89 Alteration of status by re-registration

A company may by re-registration under this Part alter its status—

(a)     from a private company to a public company (see sections 90 to 96);

(b)     from a public company to a private company (see sections 97 to 101);

(c)     from a private limited company to an unlimited company (see sections 102 to 104);

(d)     from an unlimited private company to a limited company (see sections 105 to 108);

(e)     from a public company to an unlimited private company (see sections 109 to 111).
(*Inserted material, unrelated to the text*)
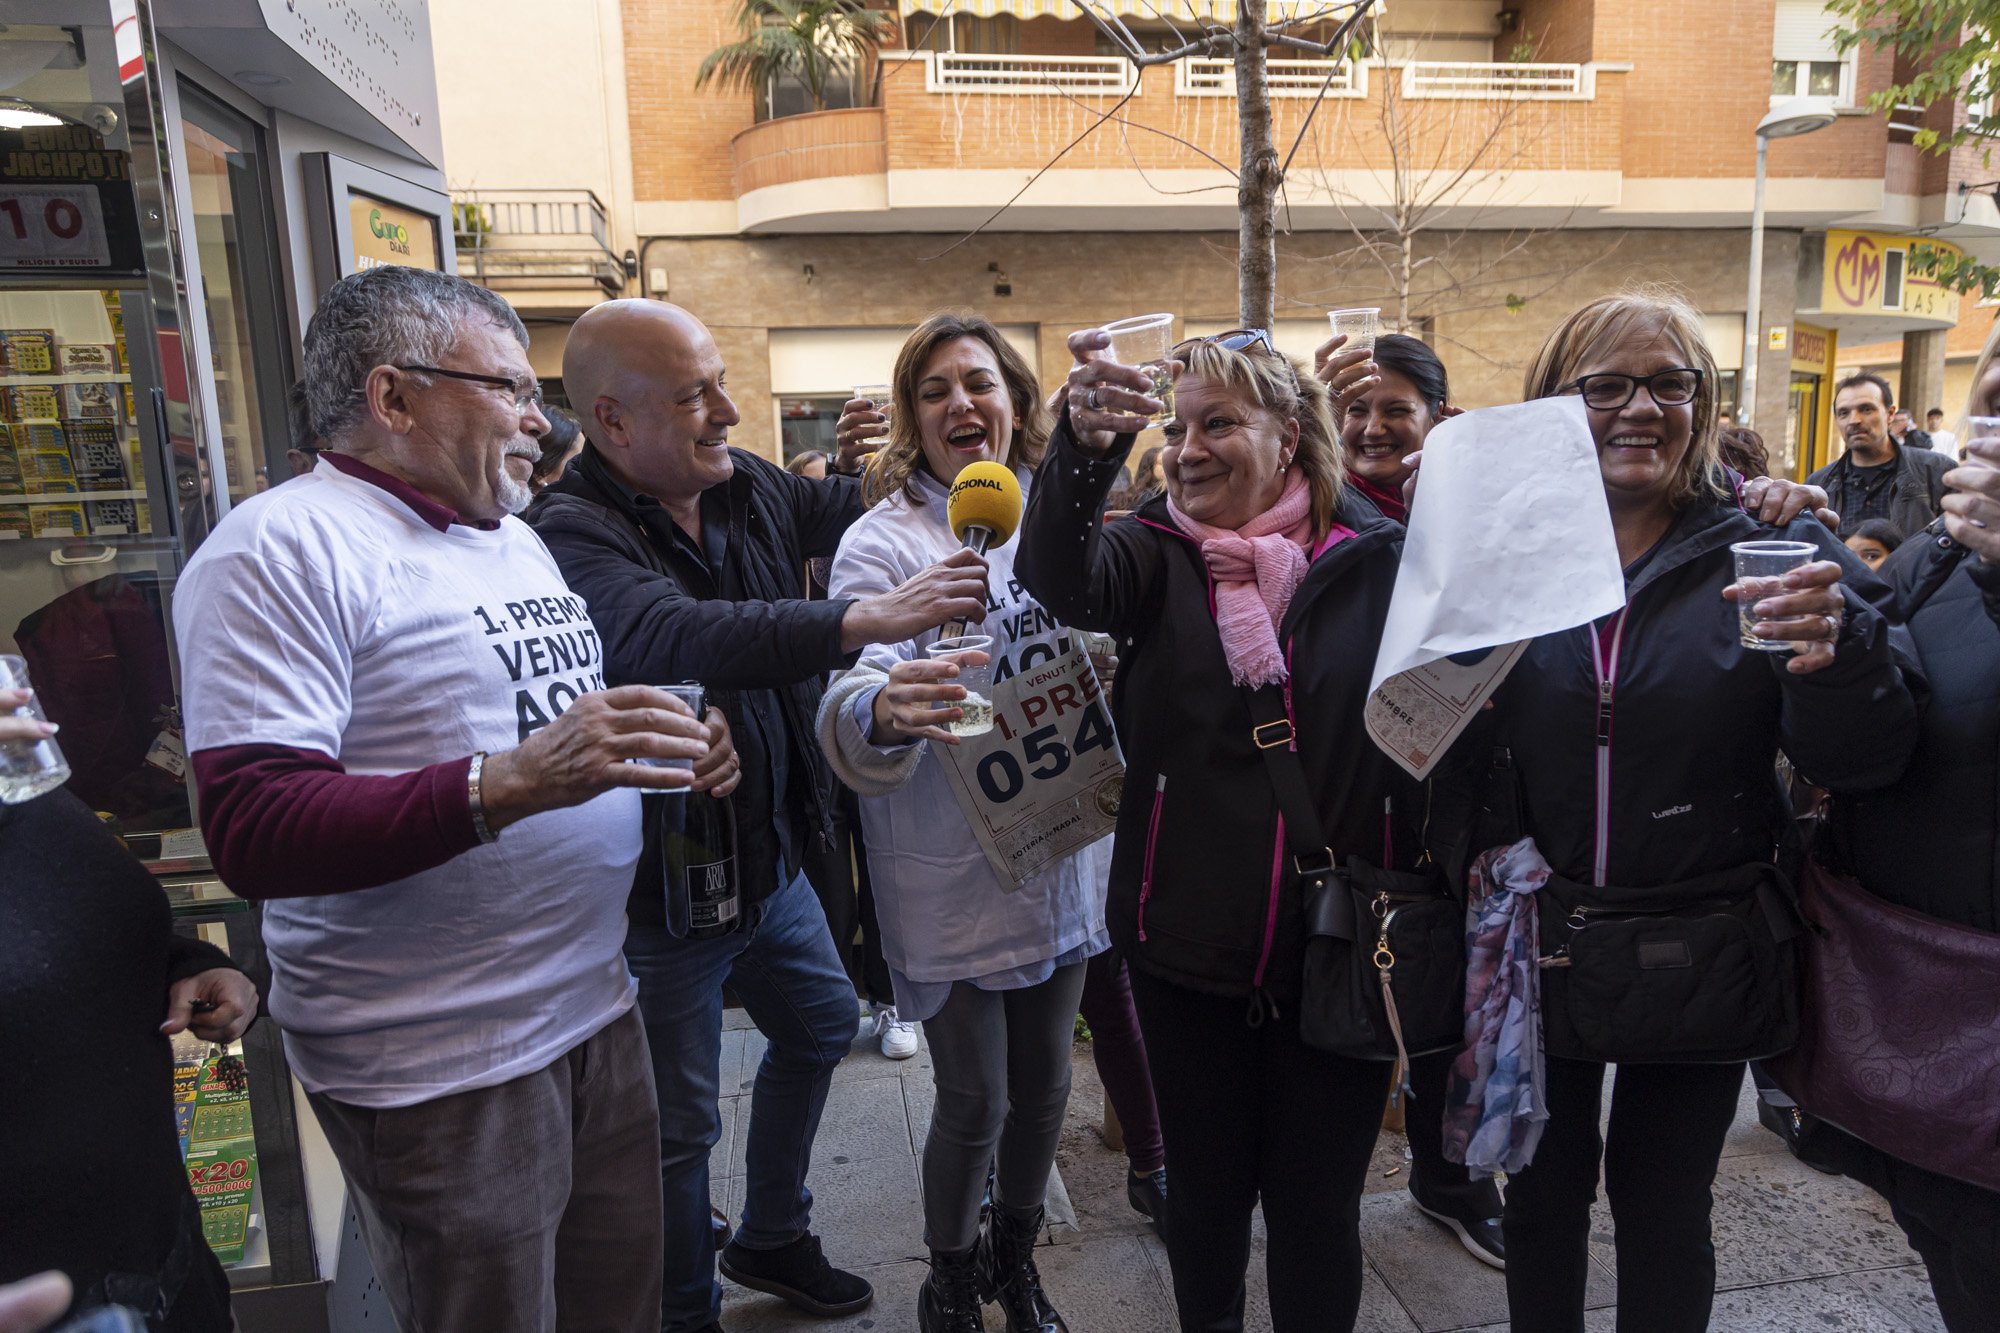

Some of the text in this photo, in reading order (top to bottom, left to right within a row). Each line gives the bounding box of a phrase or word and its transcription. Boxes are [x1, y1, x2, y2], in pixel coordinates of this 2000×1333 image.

90 Re-registration of private company as public

(1)     A private company (whether limited or unlimited) may be re-registered as a public company limited by shares if—

(a)     a special resolution that it should be so re-registered is passed,

(b)     the conditions specified below are met, and

(c)     an application for re-registration is delivered to the registrar in accordance with section 94, together with—

(i)     the other documents required by that section, and

(ii)     a statement of compliance.

(2)     The conditions are—

(a)     that the company has a share capital;

(b)     that the requirements of section 91 are met as regards its share capital;

(c)     that the requirements of section 92 are met as regards its net assets;

(d)     if section 93 applies (recent allotment of shares for non-cash consideration), that the requirements of that section are met; and

(e)     that the company has not previously been re-registered as unlimited.

(3)     The company must make such changes—

(a)     in its name, and

(b)     in its articles,

as are necessary in connection with its becoming a public company.